## YOUR ASSIGNMENT
Omit every picture, then return the listing verbatim.

## PROVIDED DATA
☆ ☆ ☆ ☆

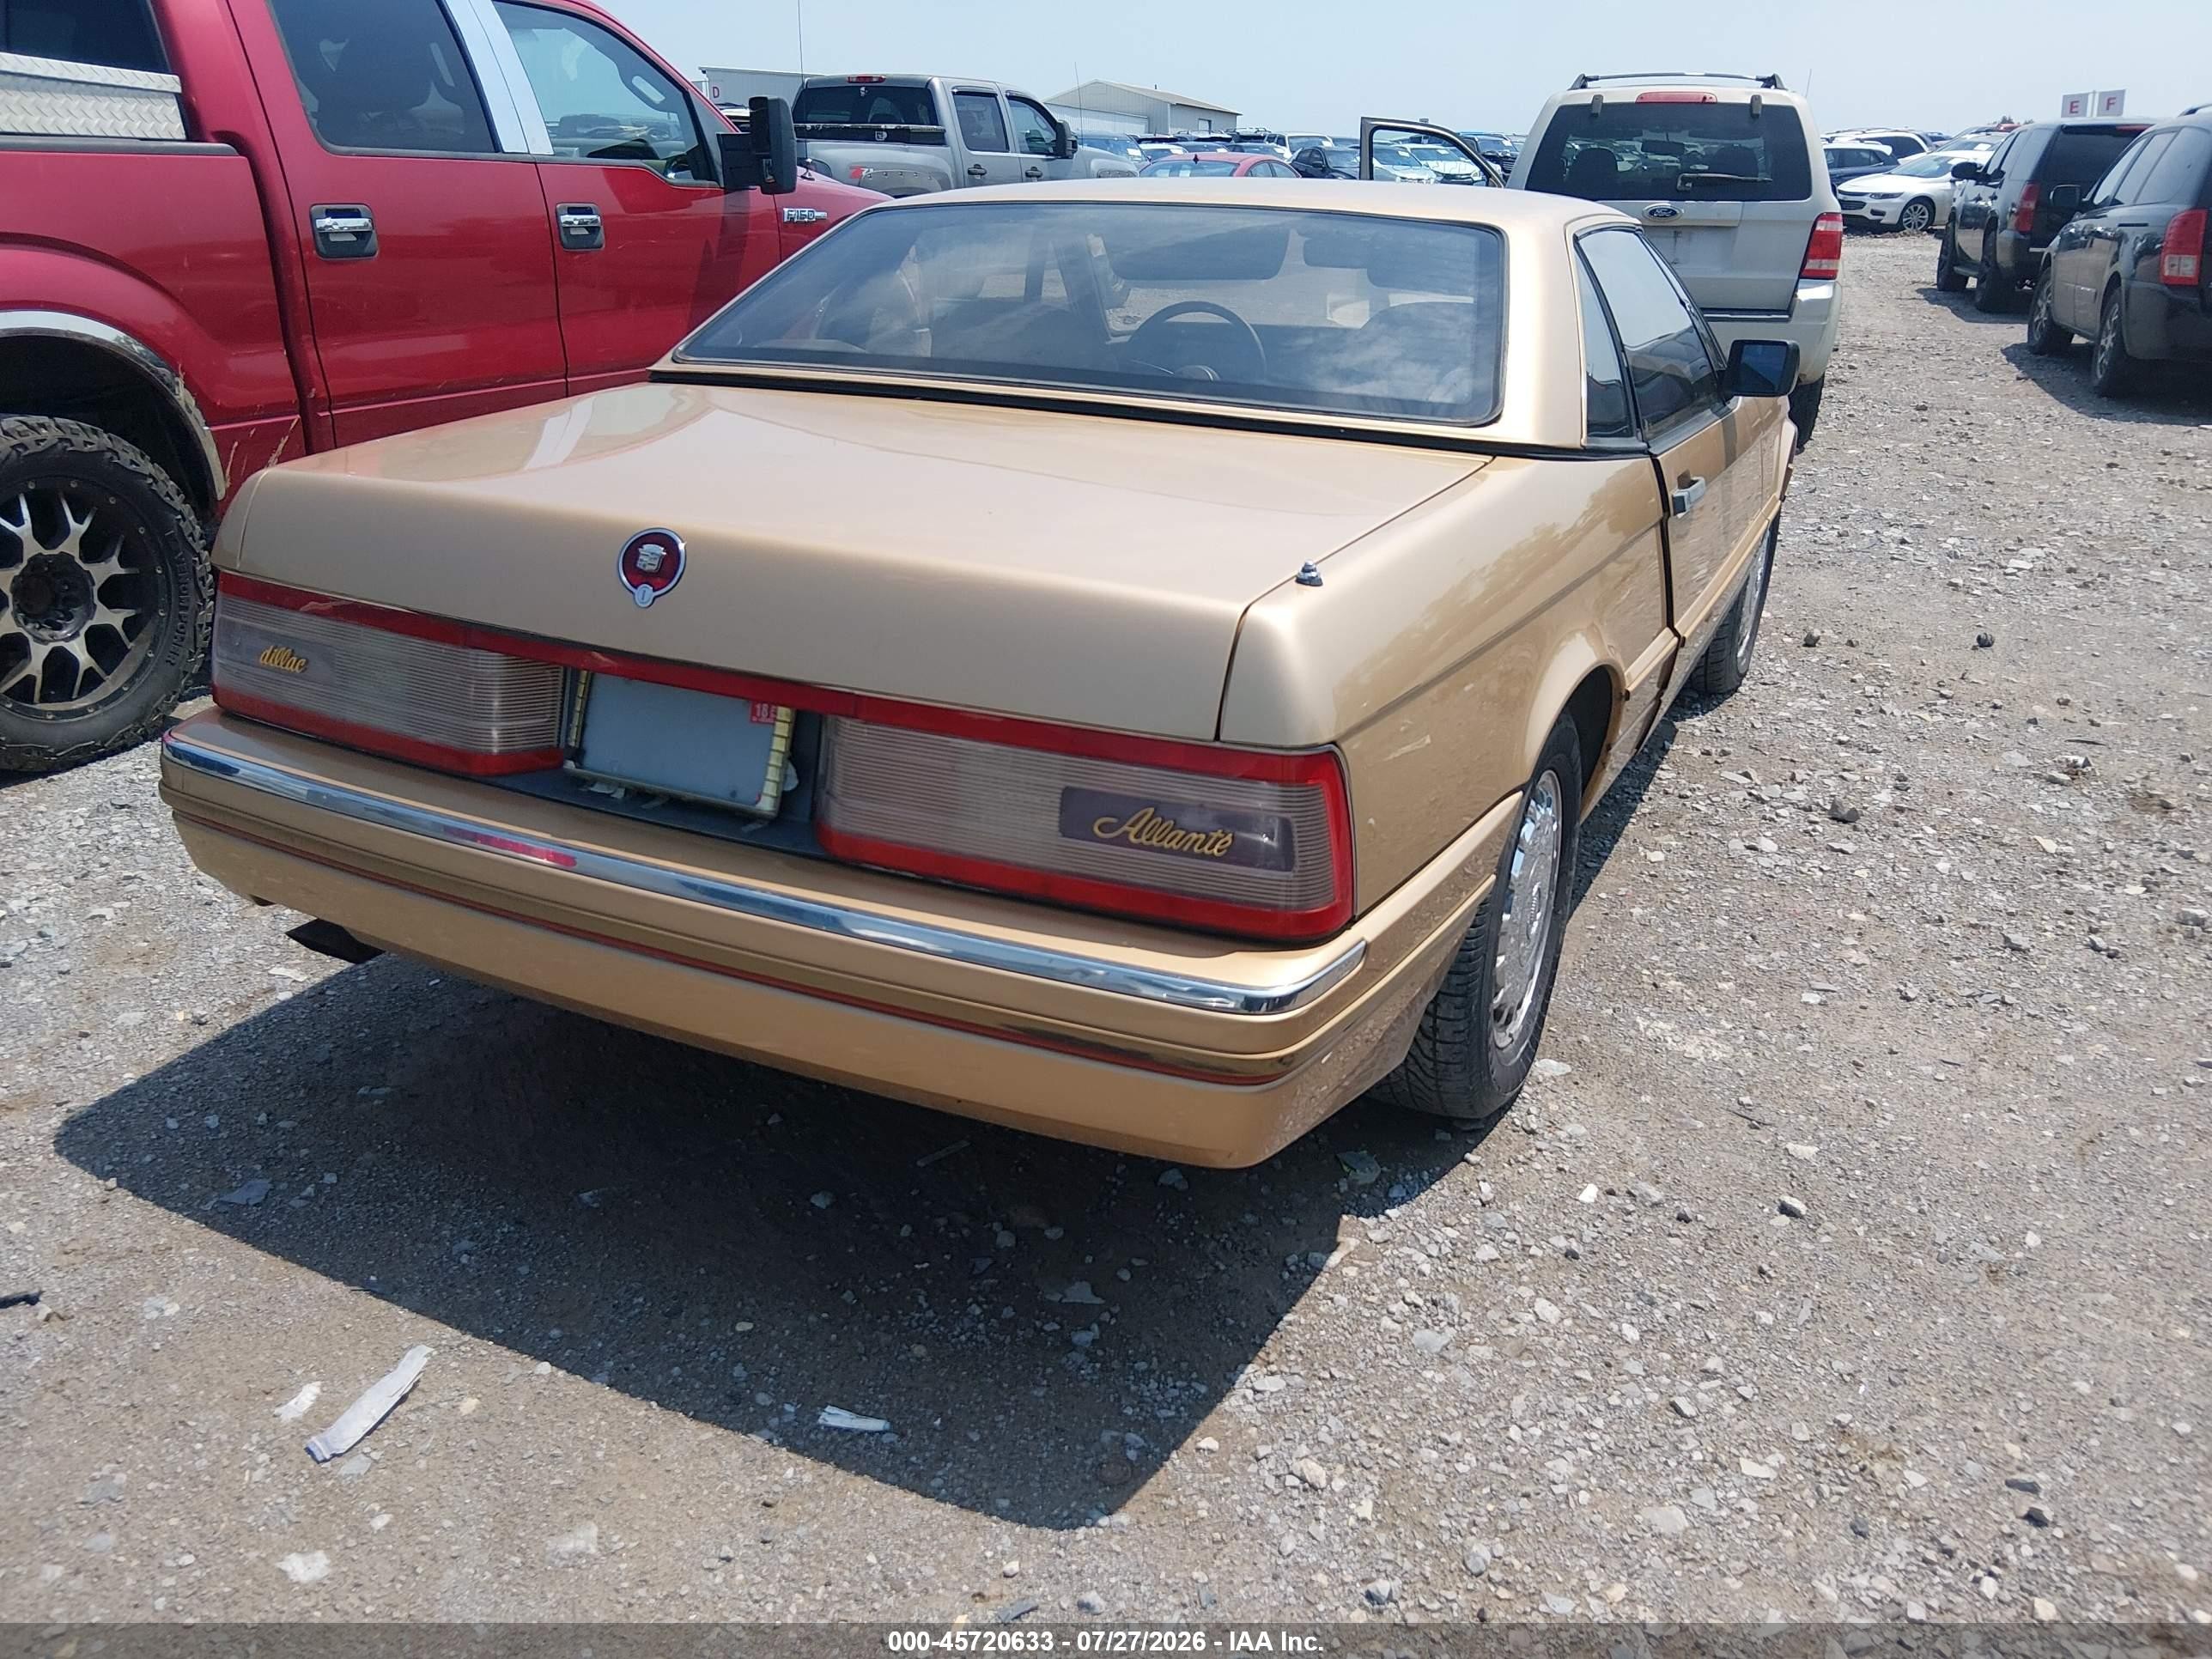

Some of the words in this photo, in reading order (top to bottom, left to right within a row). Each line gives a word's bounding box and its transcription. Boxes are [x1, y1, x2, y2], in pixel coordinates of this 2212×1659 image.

[712, 86, 720, 99] D
[2069, 100, 2080, 114] E
[2106, 96, 2117, 111] F
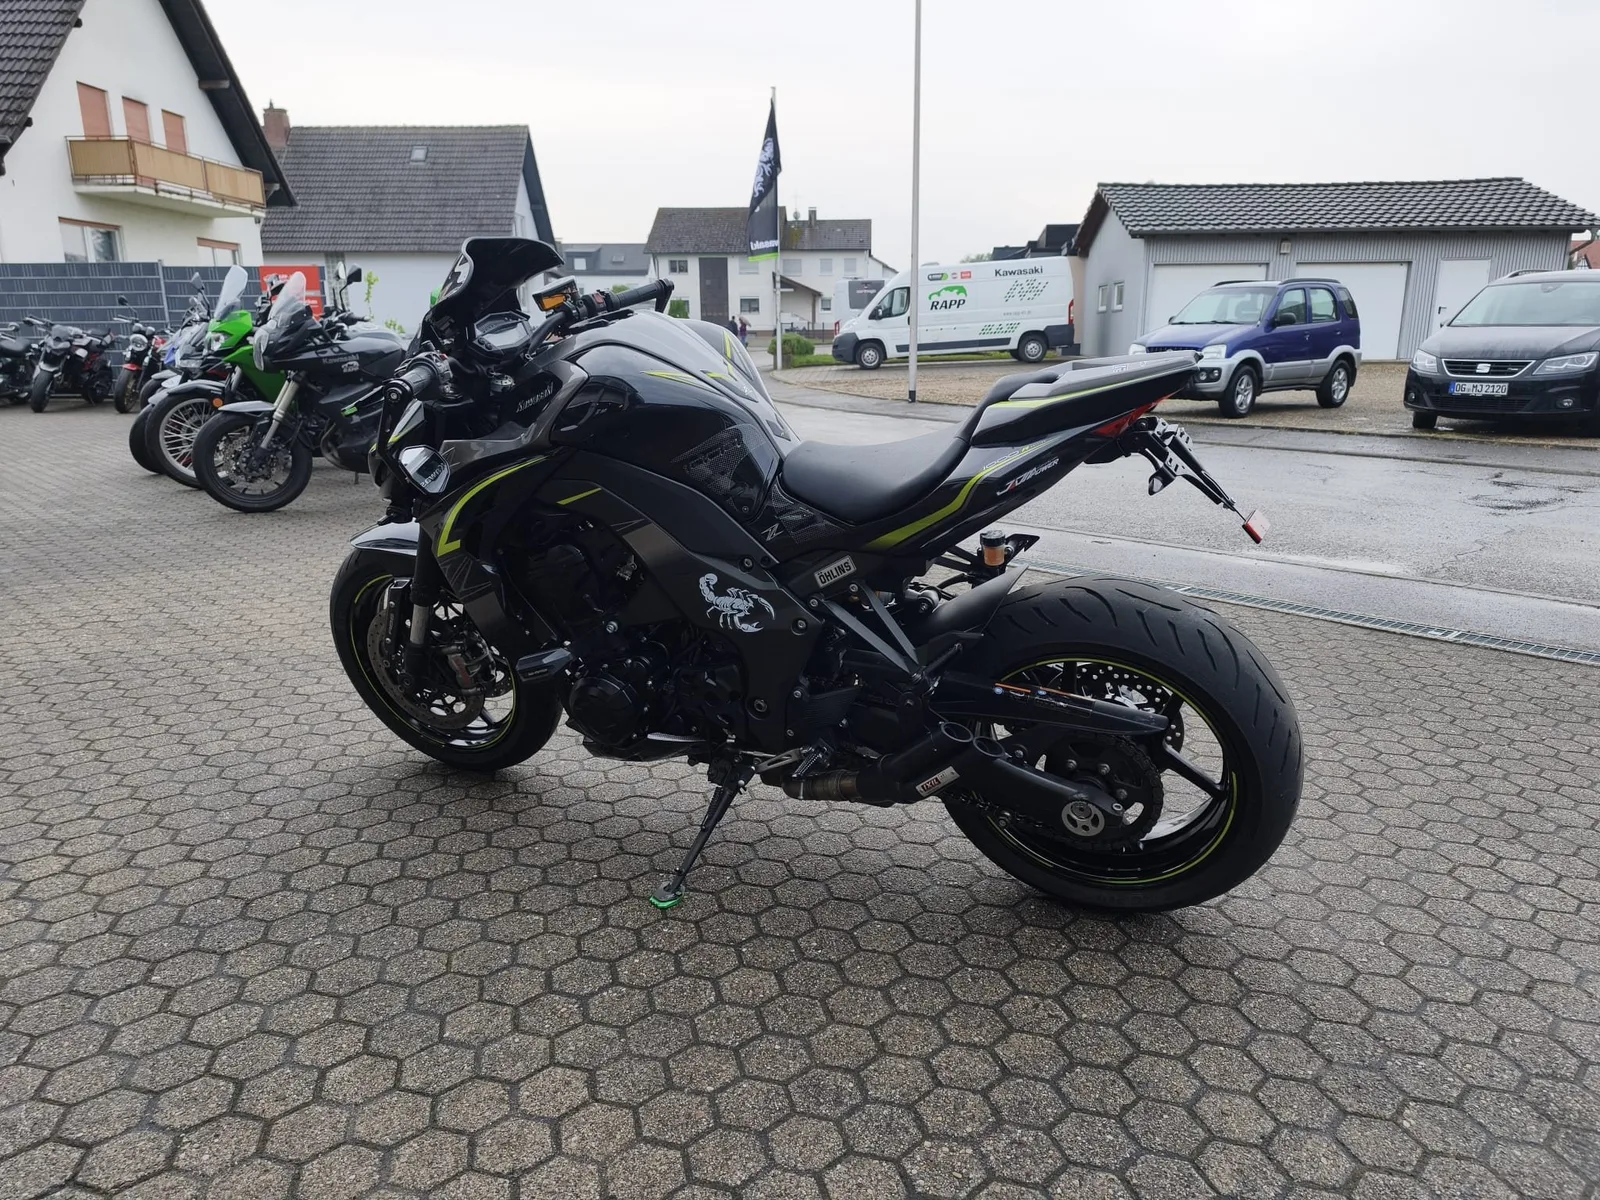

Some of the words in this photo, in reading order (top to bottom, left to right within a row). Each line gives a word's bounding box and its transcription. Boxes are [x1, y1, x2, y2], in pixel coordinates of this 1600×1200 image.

[995, 265, 1043, 278] Kawasaki
[930, 299, 966, 311] RAPP
[322, 353, 360, 364] Kawasaki
[1455, 383, 1466, 392] OG
[1472, 384, 1483, 393] MJ
[1485, 384, 1507, 394] 2120
[818, 561, 852, 585] ÖHLINS
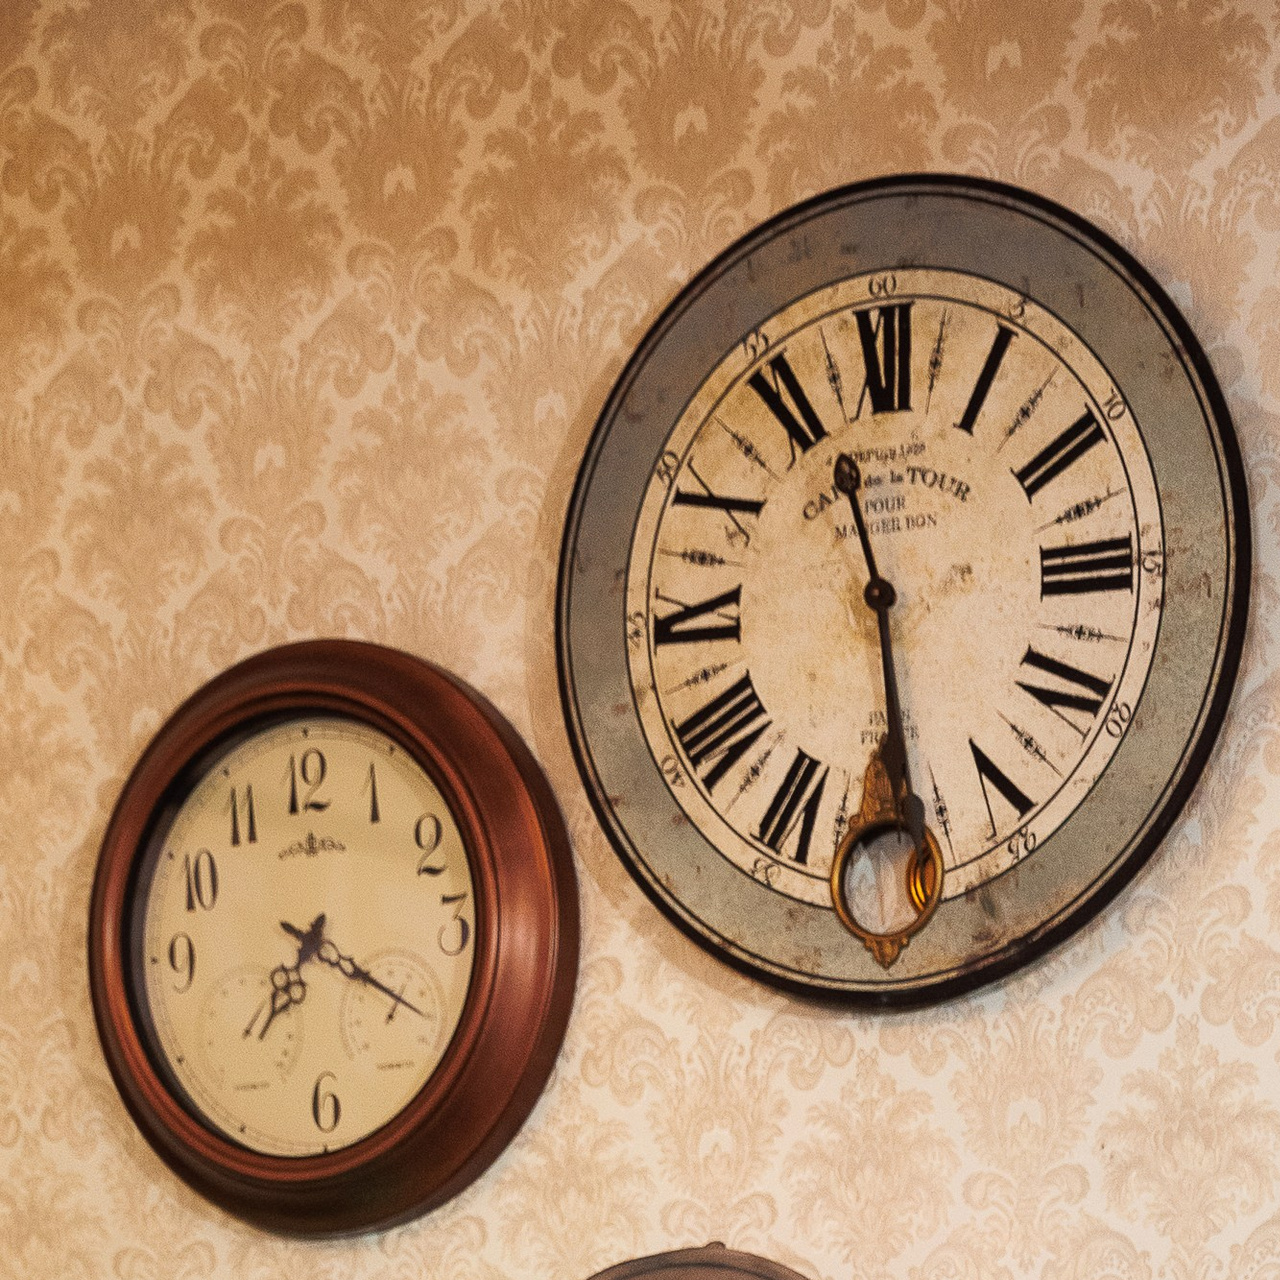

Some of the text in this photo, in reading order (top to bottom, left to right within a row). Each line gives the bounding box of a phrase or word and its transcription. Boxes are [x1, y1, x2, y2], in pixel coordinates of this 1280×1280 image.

[868, 274, 897, 297] 60
[850, 301, 914, 422] XII
[953, 316, 1018, 436] I
[746, 347, 831, 472] XI
[1101, 387, 1126, 421] 10
[906, 466, 971, 503] TOUR
[1010, 402, 1108, 504] II
[671, 455, 767, 547] X
[835, 513, 938, 538] MAGER BON
[865, 498, 905, 515] POUR
[1039, 531, 1133, 602] III
[1141, 540, 1163, 579] 15
[628, 610, 648, 649] 45
[654, 584, 743, 656] IX
[1014, 644, 1115, 748] IV
[1105, 700, 1132, 739] 20
[671, 669, 773, 797] VIII
[284, 748, 331, 816] 12
[361, 761, 380, 824] 1
[750, 746, 830, 866] VII
[969, 736, 1039, 842] V
[226, 784, 258, 847] 11
[414, 812, 446, 876] 2
[183, 848, 219, 913] 10
[438, 891, 470, 956] 3
[169, 931, 196, 993] 9
[312, 1071, 342, 1133] 6
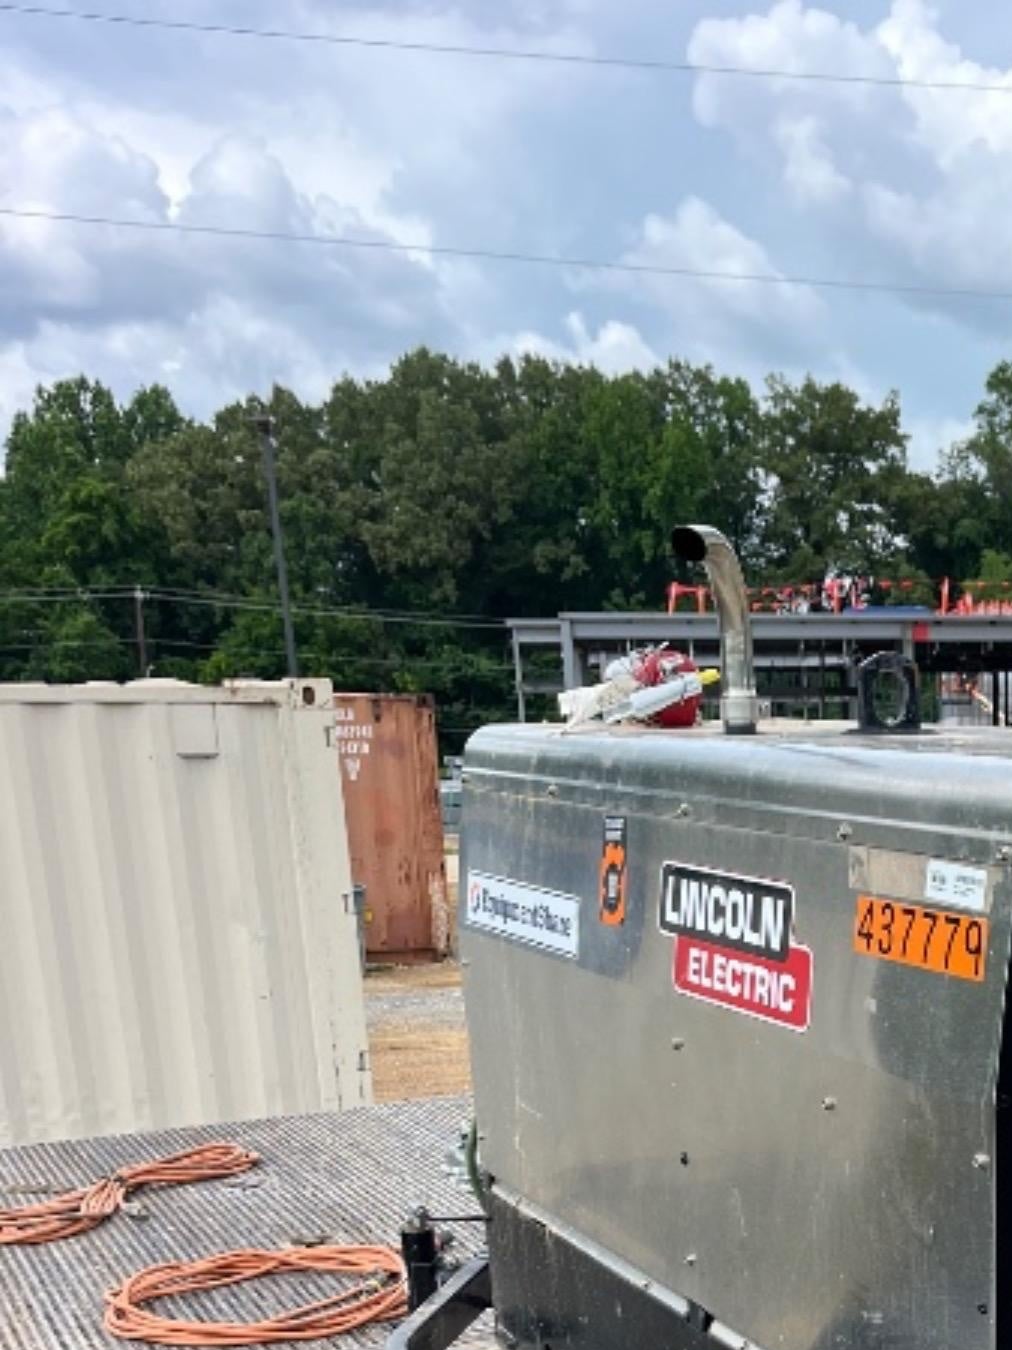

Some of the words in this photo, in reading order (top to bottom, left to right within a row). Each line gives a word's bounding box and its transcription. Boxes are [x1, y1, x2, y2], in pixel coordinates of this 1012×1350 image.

[665, 875, 785, 952] LINCOLN
[857, 900, 983, 977] 437779
[686, 946, 797, 1013] ELECTRIC

☆ ☆ ☆ ☆

## OUTPUT BELOW
Some of the words in this photo, in reading order (top to bottom, left to right within a row). Each line gives a word's bounding box and its transcription. Boxes are [x1, y1, x2, y2], in pixel coordinates of this 2212×1659 image.

[712, 86, 720, 99] D
[2069, 100, 2080, 114] E
[2106, 96, 2117, 111] F

Some of the words in this photo, in reading order (top to bottom, left to right within a row). Each line gives a word's bounding box and its transcription. Boxes are [x1, y1, x2, y2], in pixel coordinates of this 1600×1200 image.

[995, 265, 1043, 278] Kawasaki
[930, 299, 966, 311] RAPP
[322, 353, 360, 364] Kawasaki
[1455, 383, 1466, 392] OG
[1472, 384, 1483, 393] MJ
[1485, 384, 1507, 394] 2120
[818, 561, 852, 585] ÖHLINS

Some of the text in this photo, in reading order (top to bottom, left to right within a row). Each line gives the bounding box of a phrase or word and its transcription. Boxes are [x1, y1, x2, y2], in pixel coordinates of this 1280×1280 image.

[868, 274, 897, 297] 60
[850, 301, 914, 422] XII
[953, 316, 1018, 436] I
[746, 347, 831, 472] XI
[1101, 387, 1126, 421] 10
[906, 466, 971, 503] TOUR
[1010, 402, 1108, 504] II
[671, 455, 767, 547] X
[835, 513, 938, 538] MAGER BON
[865, 498, 905, 515] POUR
[1039, 531, 1133, 602] III
[1141, 540, 1163, 579] 15
[628, 610, 648, 649] 45
[654, 584, 743, 656] IX
[1014, 644, 1115, 748] IV
[1105, 700, 1132, 739] 20
[671, 669, 773, 797] VIII
[284, 748, 331, 816] 12
[361, 761, 380, 824] 1
[750, 746, 830, 866] VII
[969, 736, 1039, 842] V
[226, 784, 258, 847] 11
[414, 812, 446, 876] 2
[183, 848, 219, 913] 10
[438, 891, 470, 956] 3
[169, 931, 196, 993] 9
[312, 1071, 342, 1133] 6

Some of the words in this photo, in reading order (top to bottom, left to right within a row). Each line gives a word's bounding box and its transcription. Boxes are [x1, y1, x2, y2], in pixel coordinates of this 1012×1350 image.

[665, 875, 785, 952] LINCOLN
[857, 900, 983, 977] 437779
[686, 946, 797, 1013] ELECTRIC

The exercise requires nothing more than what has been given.